Salut Sylvie, comment ça va ? Je suis contente de te recevoir sur l’Ambition au Féminin.

[00:05:20.260] – Sylvie Ramel

Salut ! Moi aussi c’est un grand plaisir d’être là.

[00:05:26.470] – Tatiana St-Louis

Oui et puis tu sais, je te connais depuis quelque temps maintenant, quelques mois, on a évolué côte à côte dans MoneyBrand, donc c’est à travers aussi tes infolettres, ton travail, les discussions qu’on a eues que j’ai eu envie de t’inviter sur le podcast, parce que je pense que tu as une vision très unique de ton expertise, de l’entrepreneuriat, de comment ça s’inscrit dans un mouvement social. Bref, il y a comme beaucoup de choses au niveau de ce que tu fais, que je trouve à la fois original, intriguant et je pense que ça peut nous aider aussi à sortir de nos visions préétablies sur certains actes du quotidien, dont la cuisine notamment. Alors je voulais peut-être qu’on commence la conversation… Je pose toujours ma question brise-glace à mes invités. Et toi, je voulais te poser la question : c’est quoi l’ambition pour toi ?

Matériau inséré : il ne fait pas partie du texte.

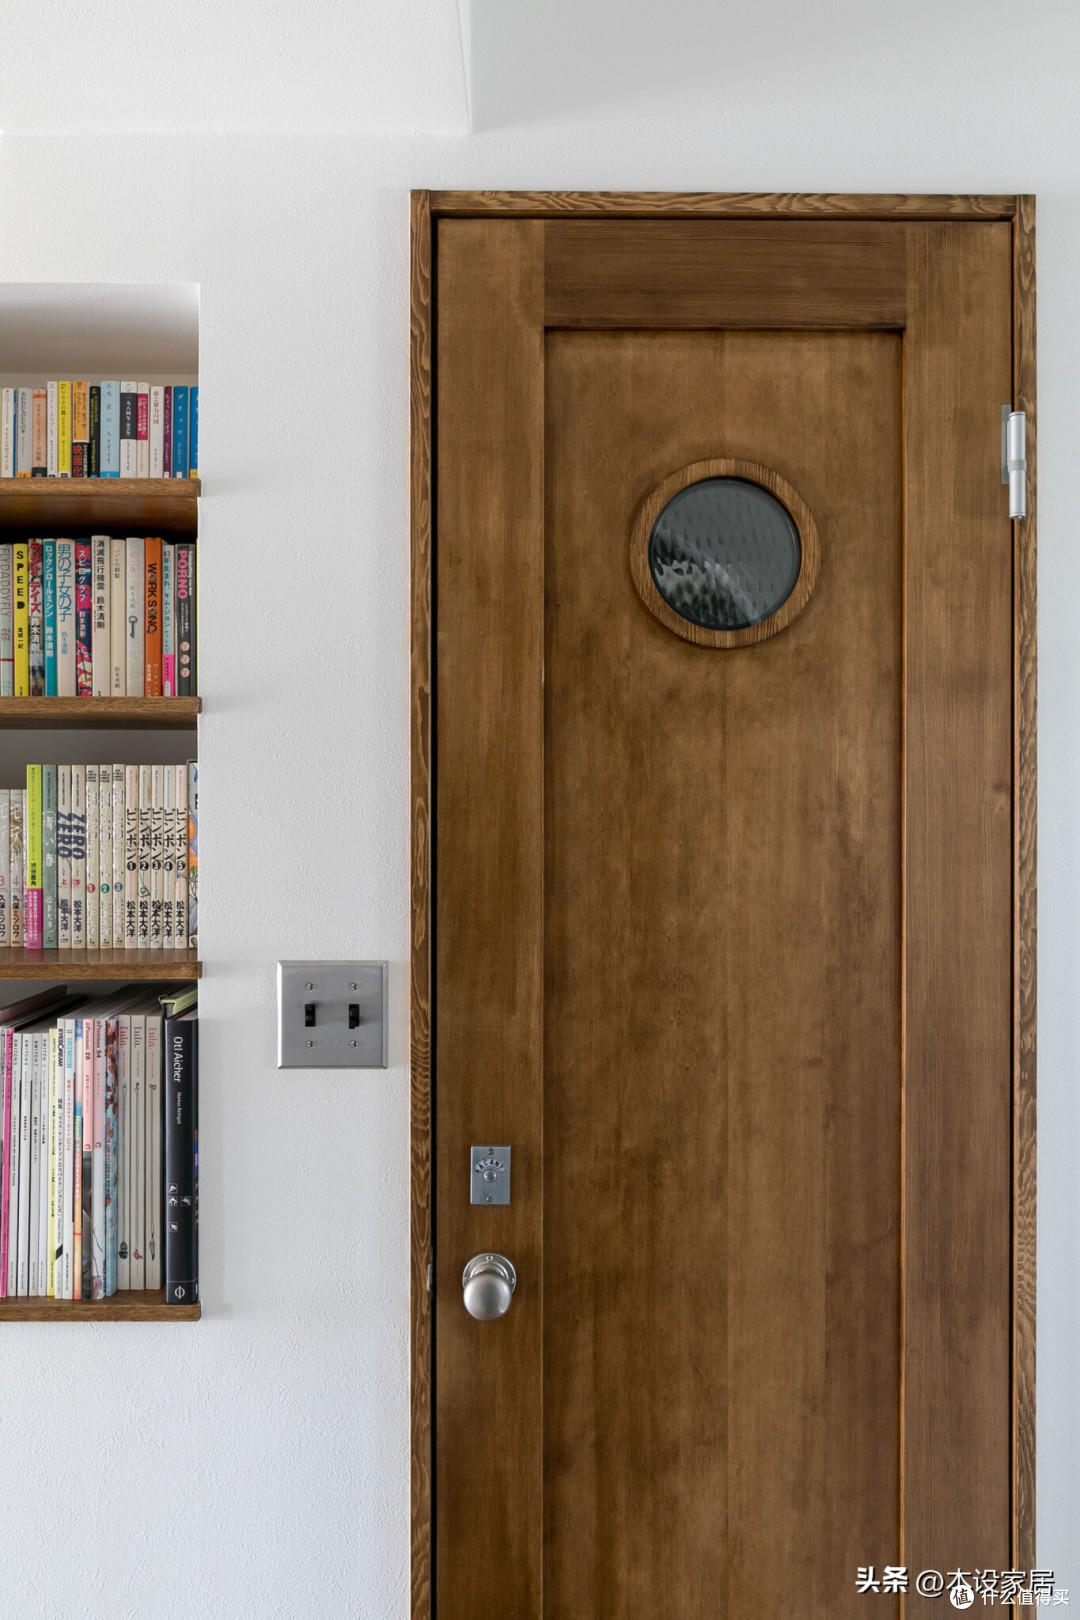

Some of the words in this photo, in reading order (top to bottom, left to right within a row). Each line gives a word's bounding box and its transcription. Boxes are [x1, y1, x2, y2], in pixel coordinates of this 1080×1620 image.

[00:06:25.300] – Sylvie Ramel

Pour moi, l’ambition, c’est d’arriver à me réaliser d’une manière qui soit la plus alignée possible, avec quelque part, tout au fond de moi, vraiment le sentiment de contribuer.

[00:06:39.400] – Sylvie Ramel

C’est de trouver cette intersection entre une réalisation de moi, mais avec quelque part une cause que je porte, quelle que soit la cause, mais bien sûr, une cause qui m’est proche, qui fasse du sens. Mais je n’ai pas envie de réussir juste pour moi toute seule, mais quelque part pour ma contribution au collectif.

[00:07:00.200] – Tatiana St-Louis

Oui, et je pense que ça rejoint beaucoup des personnes qui naviguent dans mon univers ou qui font de l’entrepreneuriat… Excusez, désolée, le téléphone a sonné… Qui naviguent dans mon univers ou qui ont cette vision de l’entrepreneuriat comme d’un geste collectif ou une trace qu’on peut laisser. Puis comment pour toi… Tu sais… Est-ce que c’est quelque chose que tu as été… Par exemple c’est social dans ta famille ? Ça a été très, je sais pas moi, encouragé ou comment t’en es venue à ça ?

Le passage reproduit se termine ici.